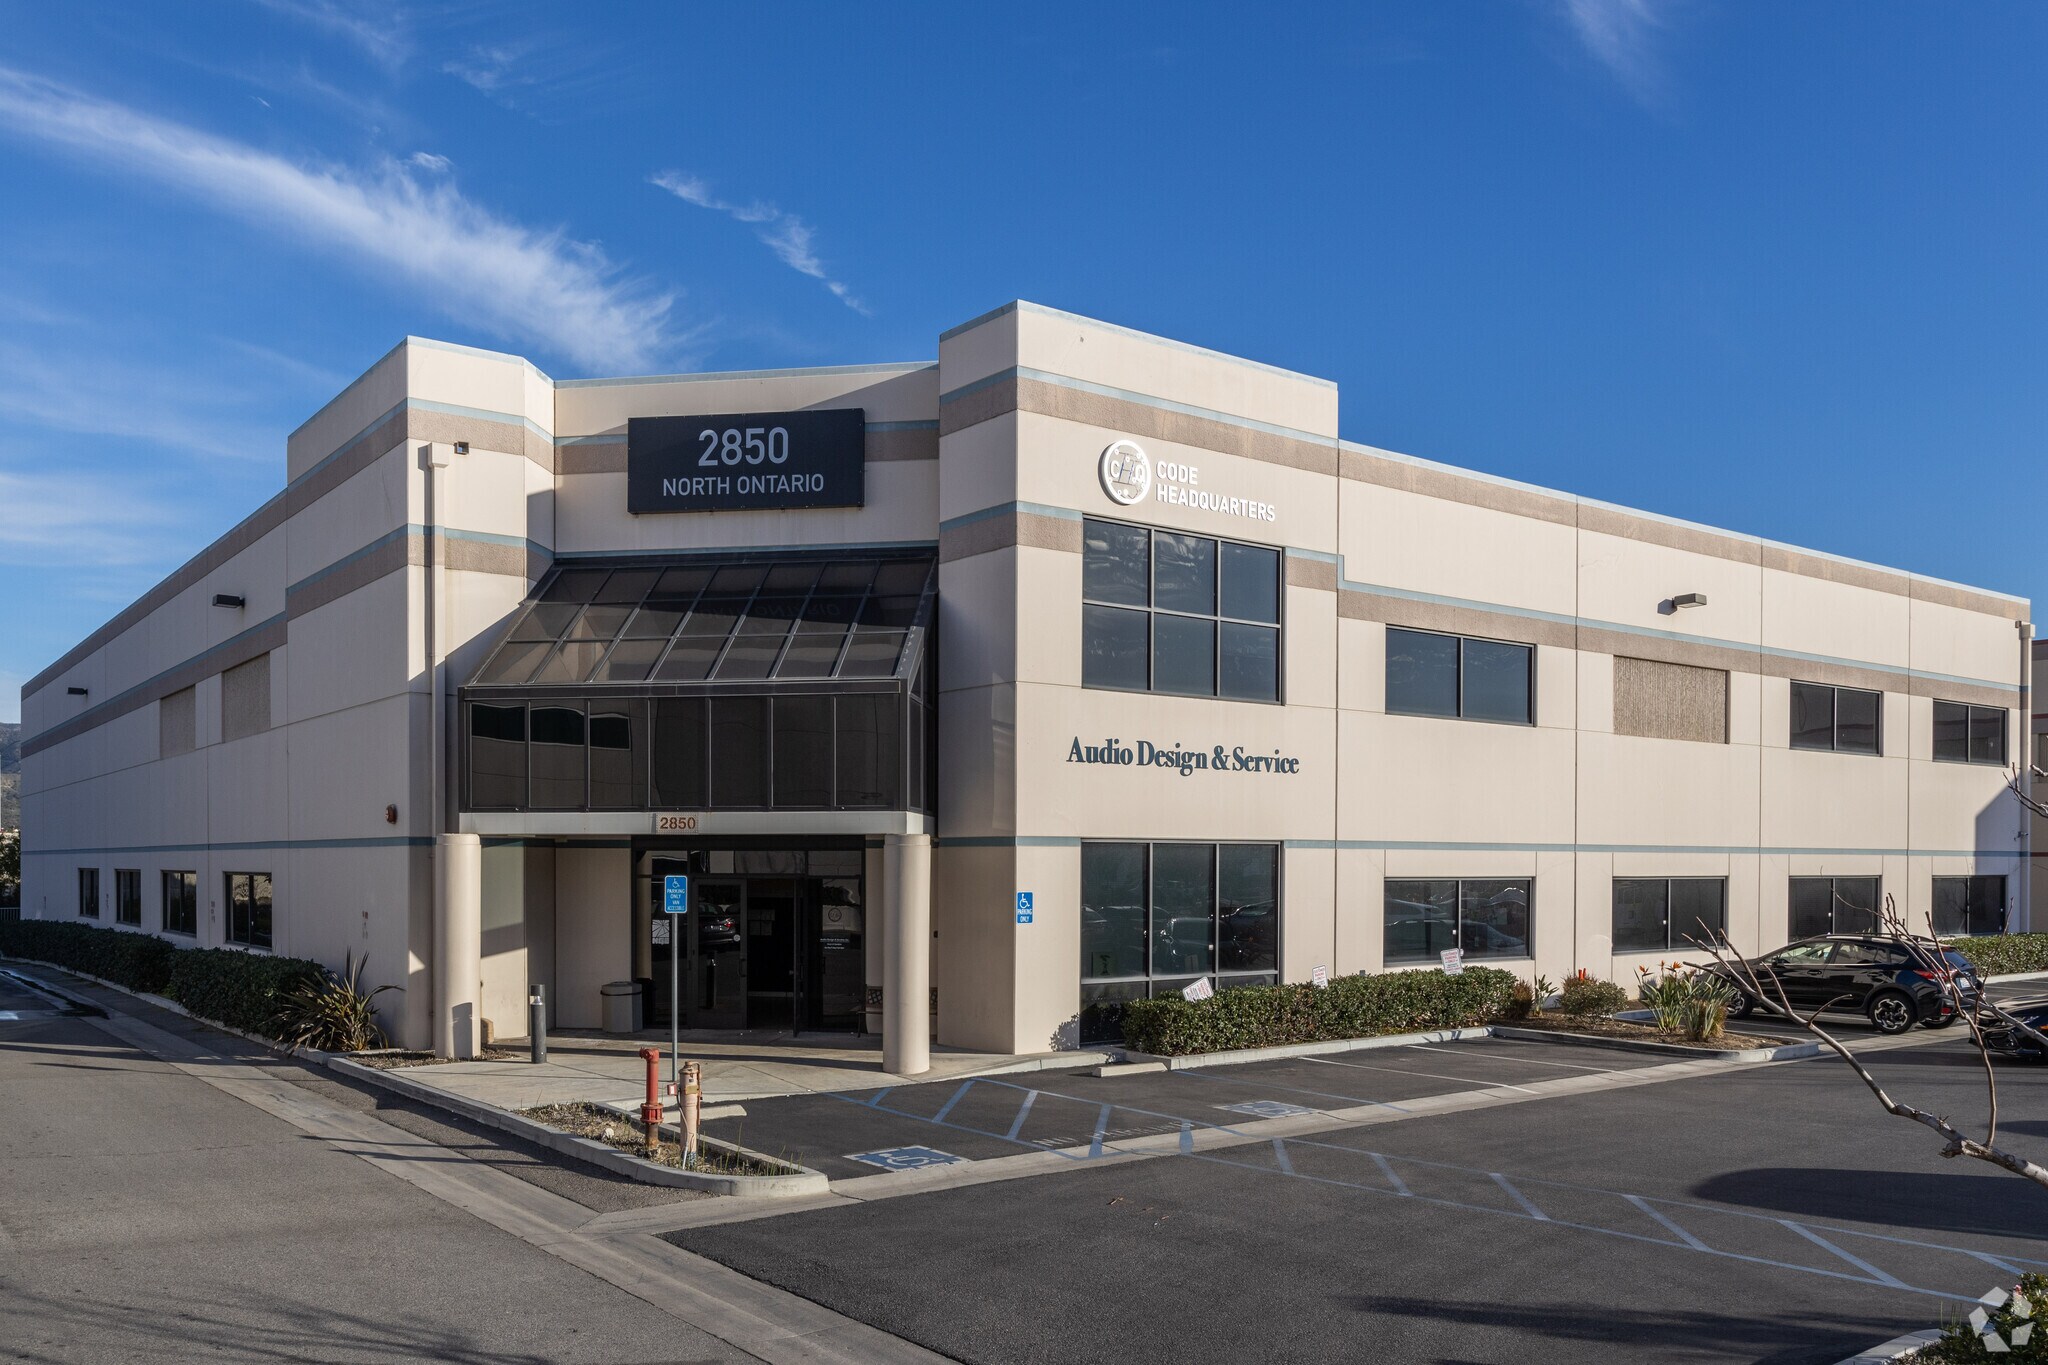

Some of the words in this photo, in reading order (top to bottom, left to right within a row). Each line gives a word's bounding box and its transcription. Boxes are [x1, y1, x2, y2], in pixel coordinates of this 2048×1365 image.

[698, 427, 789, 466] 2850
[663, 477, 730, 496] NORTH
[737, 473, 824, 494] ONTARIO
[1156, 461, 1198, 485] CODE
[1156, 484, 1276, 522] HEADQUARTERS
[1066, 736, 1133, 765] Audio
[1136, 740, 1208, 776] Design
[1211, 745, 1230, 770] &
[1232, 746, 1299, 774] Service
[660, 816, 696, 829] 2850
══════════
• **ASSIGNED TASK**
Please give back every line above exactly as it stands, without pictures.

• **PROBLEM SOLUTION**
Some of the words in this photo, in reading order (top to bottom, left to right within a row). Each line gives a word's bounding box and its transcription. Boxes are [x1, y1, x2, y2], in pixel coordinates of this 2048×1365 image.

[698, 427, 789, 466] 2850
[663, 477, 730, 496] NORTH
[737, 473, 824, 494] ONTARIO
[1156, 461, 1198, 485] CODE
[1156, 484, 1276, 522] HEADQUARTERS
[1066, 736, 1133, 765] Audio
[1136, 740, 1208, 776] Design
[1211, 745, 1230, 770] &
[1232, 746, 1299, 774] Service
[660, 816, 696, 829] 2850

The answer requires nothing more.